INPUT DATA.
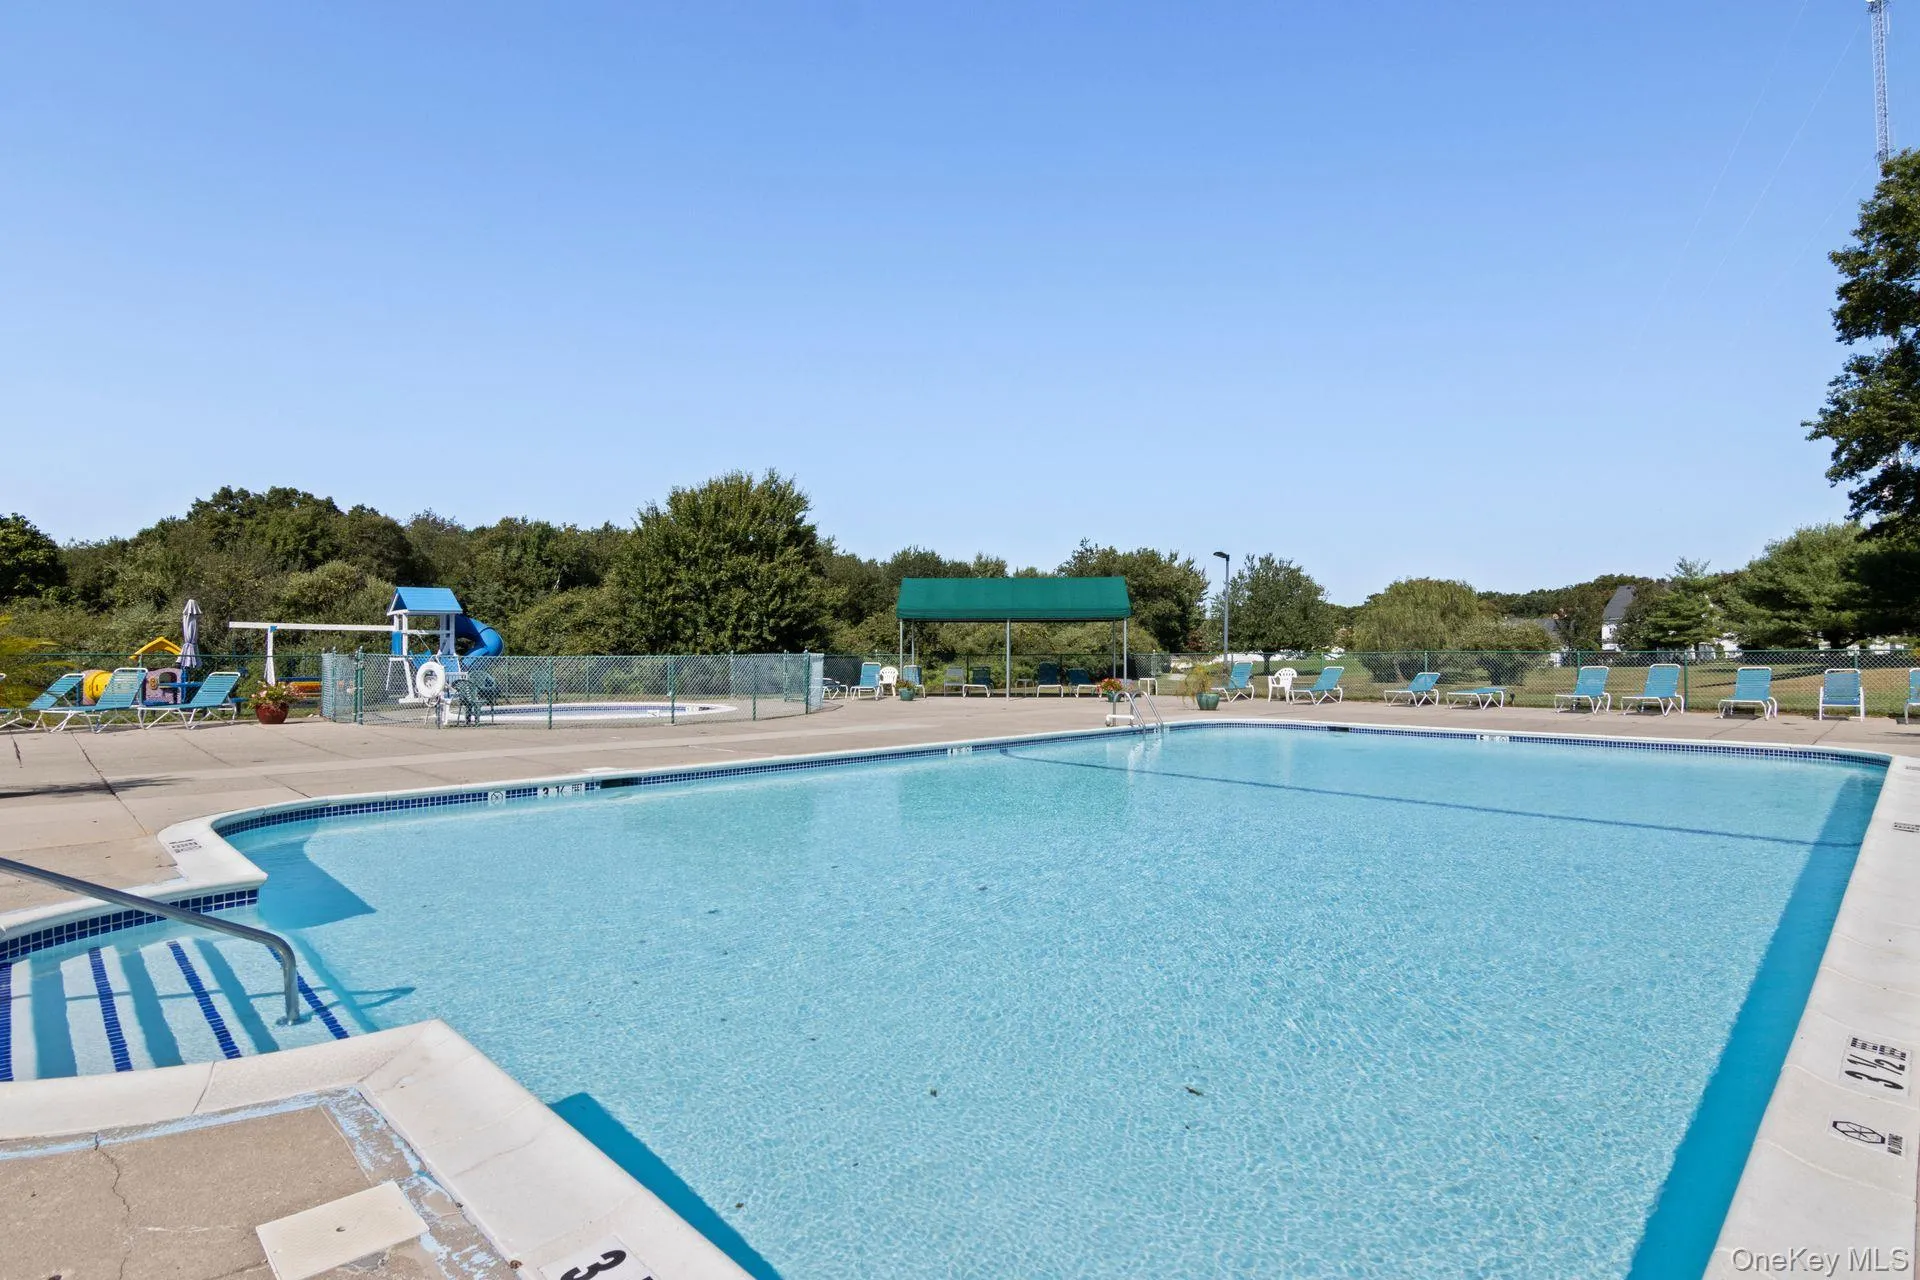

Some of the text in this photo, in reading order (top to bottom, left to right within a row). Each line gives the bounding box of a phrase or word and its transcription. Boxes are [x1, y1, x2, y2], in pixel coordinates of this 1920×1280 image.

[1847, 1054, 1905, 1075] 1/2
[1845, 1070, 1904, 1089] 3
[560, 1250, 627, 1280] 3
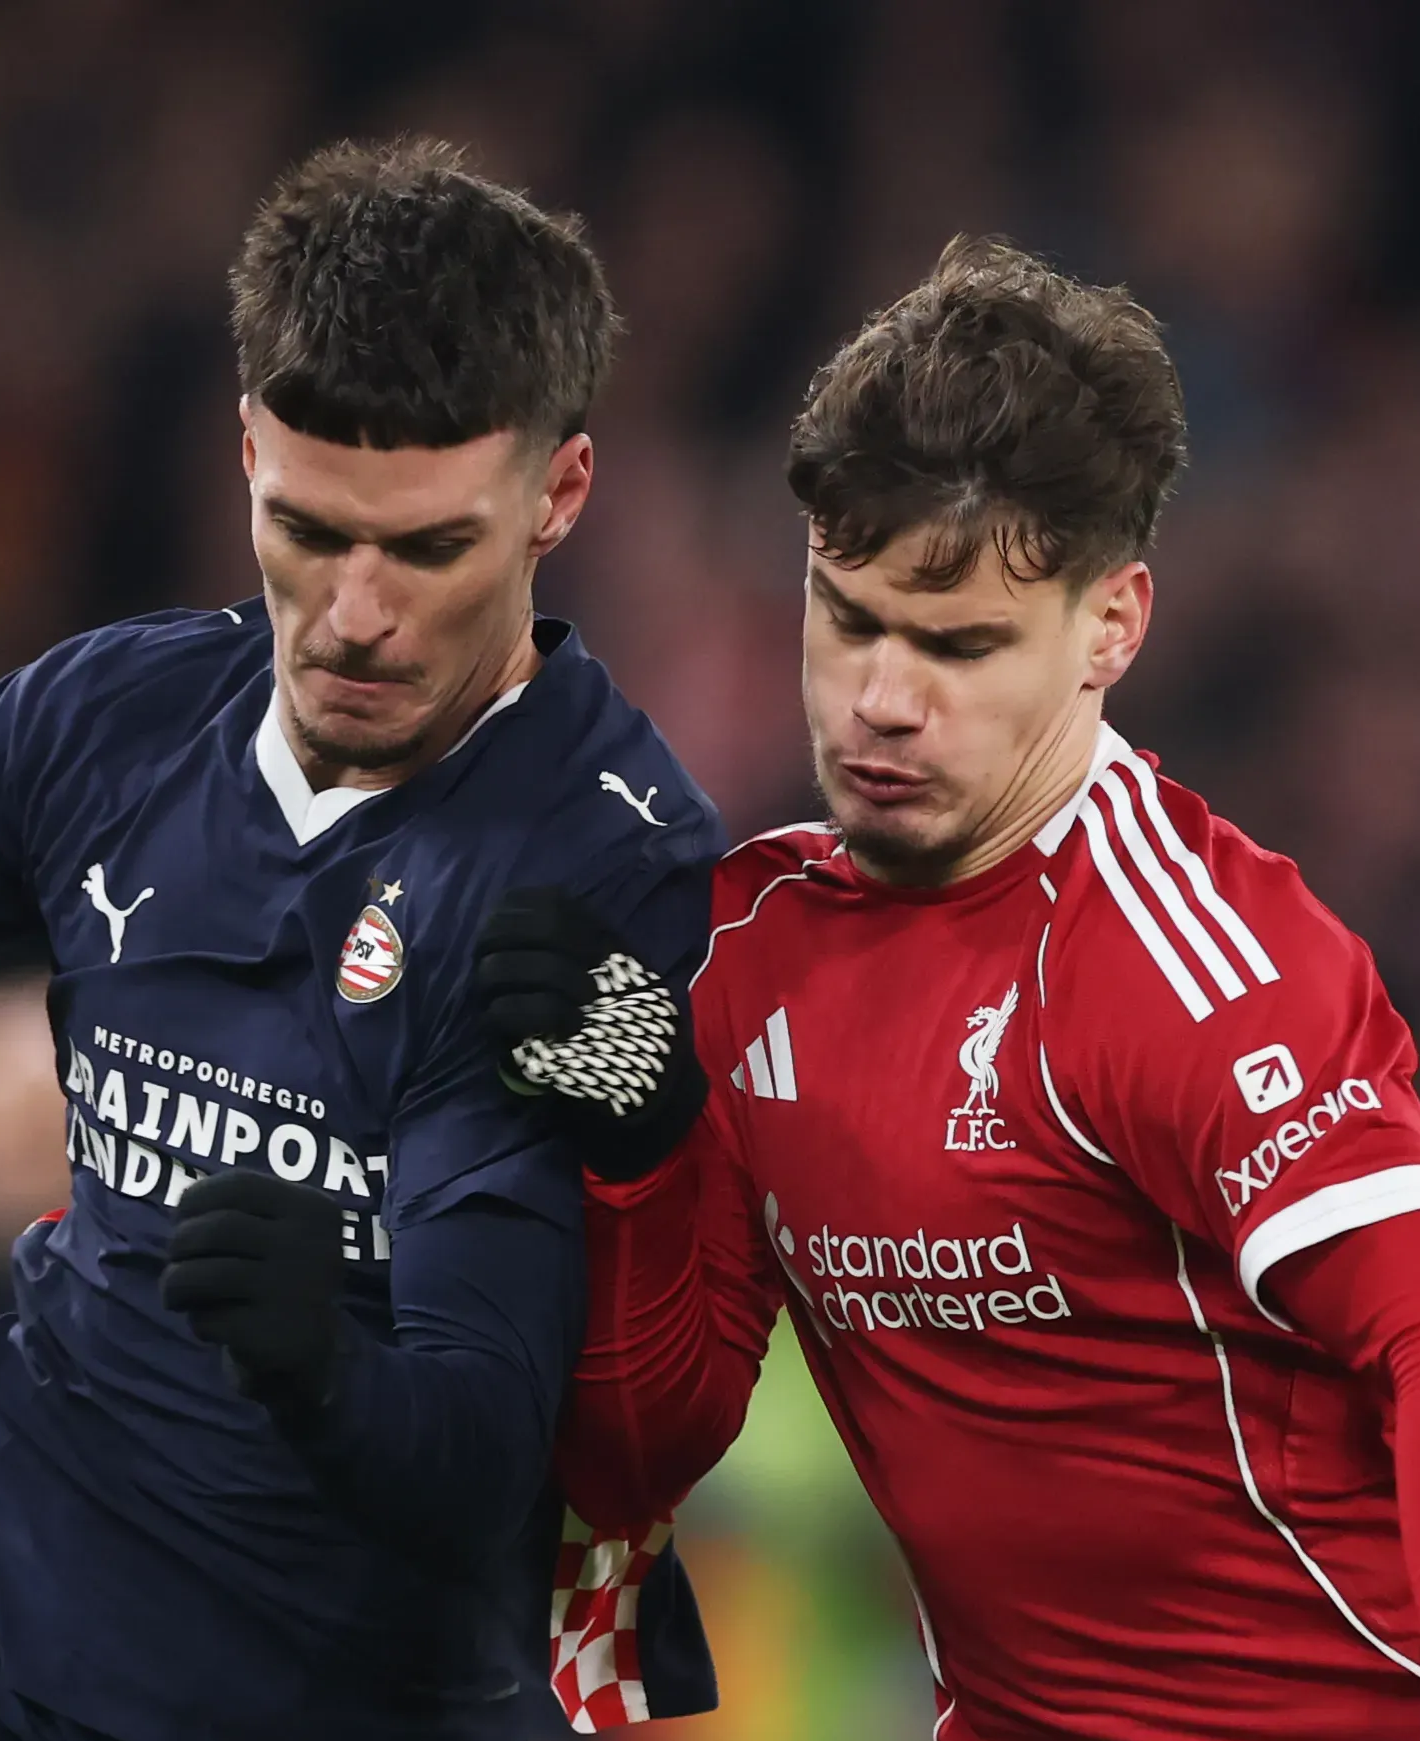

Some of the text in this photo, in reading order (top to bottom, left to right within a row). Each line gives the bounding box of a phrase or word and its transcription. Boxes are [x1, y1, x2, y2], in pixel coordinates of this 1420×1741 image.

REQUIRED WORK.
Print all entries exactly; skip the pictures.

ANSWER BOX.
Some of the text in this photo, in reading order (top to bottom, left to right within a row). Each line gives the bounding box of a phrase or word and its transcription. Boxes are [x1, y1, x2, y2], in pixel coordinates of this 1920×1280 image.

[1847, 1054, 1905, 1075] 1/2
[1845, 1070, 1904, 1089] 3
[560, 1250, 627, 1280] 3

Some of the text in this photo, in reading order (top to bottom, left to right within a row). Each line gives the bounding box of a phrase or word and its transcription. Boxes are [x1, y1, x2, y2], in pixel coordinates of this 1420×1741 image.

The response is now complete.